**Work instructions:** All of the data should be restated word for word.

Data items
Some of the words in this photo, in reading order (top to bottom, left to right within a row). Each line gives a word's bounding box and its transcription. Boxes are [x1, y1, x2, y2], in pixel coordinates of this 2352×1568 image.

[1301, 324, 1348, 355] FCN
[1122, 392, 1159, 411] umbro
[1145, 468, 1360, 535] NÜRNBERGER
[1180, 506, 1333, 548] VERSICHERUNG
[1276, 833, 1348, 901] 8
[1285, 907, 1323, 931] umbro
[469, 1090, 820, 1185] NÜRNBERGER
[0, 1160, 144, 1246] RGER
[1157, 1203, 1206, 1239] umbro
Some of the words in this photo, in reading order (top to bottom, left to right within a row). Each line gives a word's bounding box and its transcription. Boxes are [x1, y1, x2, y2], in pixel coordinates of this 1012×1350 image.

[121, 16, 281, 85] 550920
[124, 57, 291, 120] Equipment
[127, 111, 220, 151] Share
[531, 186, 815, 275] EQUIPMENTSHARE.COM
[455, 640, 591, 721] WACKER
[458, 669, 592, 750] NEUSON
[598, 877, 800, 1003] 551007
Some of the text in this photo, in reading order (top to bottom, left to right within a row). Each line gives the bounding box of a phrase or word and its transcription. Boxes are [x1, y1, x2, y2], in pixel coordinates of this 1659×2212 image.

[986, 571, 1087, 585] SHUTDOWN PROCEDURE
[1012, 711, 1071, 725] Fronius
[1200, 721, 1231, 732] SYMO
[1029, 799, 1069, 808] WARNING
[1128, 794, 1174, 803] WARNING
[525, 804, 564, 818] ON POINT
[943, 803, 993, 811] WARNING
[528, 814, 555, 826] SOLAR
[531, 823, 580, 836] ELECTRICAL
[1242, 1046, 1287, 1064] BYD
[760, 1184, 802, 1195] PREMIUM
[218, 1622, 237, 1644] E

**Solved exercise:**
Some of the words in this photo, in reading order (top to bottom, left to right within a row). Each line gives a word's bounding box and its transcription. Boxes are [x1, y1, x2, y2], in pixel coordinates of this 2352×1568 image.

[1301, 324, 1348, 355] FCN
[1122, 392, 1159, 411] umbro
[1145, 468, 1360, 535] NÜRNBERGER
[1180, 506, 1333, 548] VERSICHERUNG
[1276, 833, 1348, 901] 8
[1285, 907, 1323, 931] umbro
[469, 1090, 820, 1185] NÜRNBERGER
[0, 1160, 144, 1246] RGER
[1157, 1203, 1206, 1239] umbro
Some of the words in this photo, in reading order (top to bottom, left to right within a row). Each line gives a word's bounding box and its transcription. Boxes are [x1, y1, x2, y2], in pixel coordinates of this 1012×1350 image.

[121, 16, 281, 85] 550920
[124, 57, 291, 120] Equipment
[127, 111, 220, 151] Share
[531, 186, 815, 275] EQUIPMENTSHARE.COM
[455, 640, 591, 721] WACKER
[458, 669, 592, 750] NEUSON
[598, 877, 800, 1003] 551007
Some of the text in this photo, in reading order (top to bottom, left to right within a row). Each line gives the bounding box of a phrase or word and its transcription. Boxes are [x1, y1, x2, y2], in pixel coordinates of this 1659×2212 image.

[986, 571, 1087, 585] SHUTDOWN PROCEDURE
[1012, 711, 1071, 725] Fronius
[1200, 721, 1231, 732] SYMO
[1029, 799, 1069, 808] WARNING
[1128, 794, 1174, 803] WARNING
[525, 804, 564, 818] ON POINT
[943, 803, 993, 811] WARNING
[528, 814, 555, 826] SOLAR
[531, 823, 580, 836] ELECTRICAL
[1242, 1046, 1287, 1064] BYD
[760, 1184, 802, 1195] PREMIUM
[218, 1622, 237, 1644] E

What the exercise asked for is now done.